» **TASK**
Each entry must appear in the answer exactly as written.

» **TASK INPUT**
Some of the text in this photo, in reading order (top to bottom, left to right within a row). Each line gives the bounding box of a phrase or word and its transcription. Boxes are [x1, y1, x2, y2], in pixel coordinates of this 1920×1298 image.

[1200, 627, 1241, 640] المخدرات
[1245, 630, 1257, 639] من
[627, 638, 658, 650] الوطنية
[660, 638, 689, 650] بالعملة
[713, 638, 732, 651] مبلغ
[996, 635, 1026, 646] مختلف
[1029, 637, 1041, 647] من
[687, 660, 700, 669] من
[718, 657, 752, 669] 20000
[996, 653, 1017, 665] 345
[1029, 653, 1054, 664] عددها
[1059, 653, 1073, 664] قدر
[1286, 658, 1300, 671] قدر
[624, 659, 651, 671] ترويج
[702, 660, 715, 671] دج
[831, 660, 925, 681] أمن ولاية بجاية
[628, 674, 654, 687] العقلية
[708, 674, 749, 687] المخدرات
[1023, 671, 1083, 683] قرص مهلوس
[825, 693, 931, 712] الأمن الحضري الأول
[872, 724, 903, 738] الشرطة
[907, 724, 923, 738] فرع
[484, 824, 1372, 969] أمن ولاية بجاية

» **SOLUTION TO THE PROBLEM**
Some of the text in this photo, in reading order (top to bottom, left to right within a row). Each line gives the bounding box of a phrase or word and its transcription. Boxes are [x1, y1, x2, y2], in pixel coordinates of this 1920×1298 image.

[1200, 627, 1241, 640] المخدرات
[1245, 630, 1257, 639] من
[627, 638, 658, 650] الوطنية
[660, 638, 689, 650] بالعملة
[713, 638, 732, 651] مبلغ
[996, 635, 1026, 646] مختلف
[1029, 637, 1041, 647] من
[687, 660, 700, 669] من
[718, 657, 752, 669] 20000
[996, 653, 1017, 665] 345
[1029, 653, 1054, 664] عددها
[1059, 653, 1073, 664] قدر
[1286, 658, 1300, 671] قدر
[624, 659, 651, 671] ترويج
[702, 660, 715, 671] دج
[831, 660, 925, 681] أمن ولاية بجاية
[628, 674, 654, 687] العقلية
[708, 674, 749, 687] المخدرات
[1023, 671, 1083, 683] قرص مهلوس
[825, 693, 931, 712] الأمن الحضري الأول
[872, 724, 903, 738] الشرطة
[907, 724, 923, 738] فرع
[484, 824, 1372, 969] أمن ولاية بجاية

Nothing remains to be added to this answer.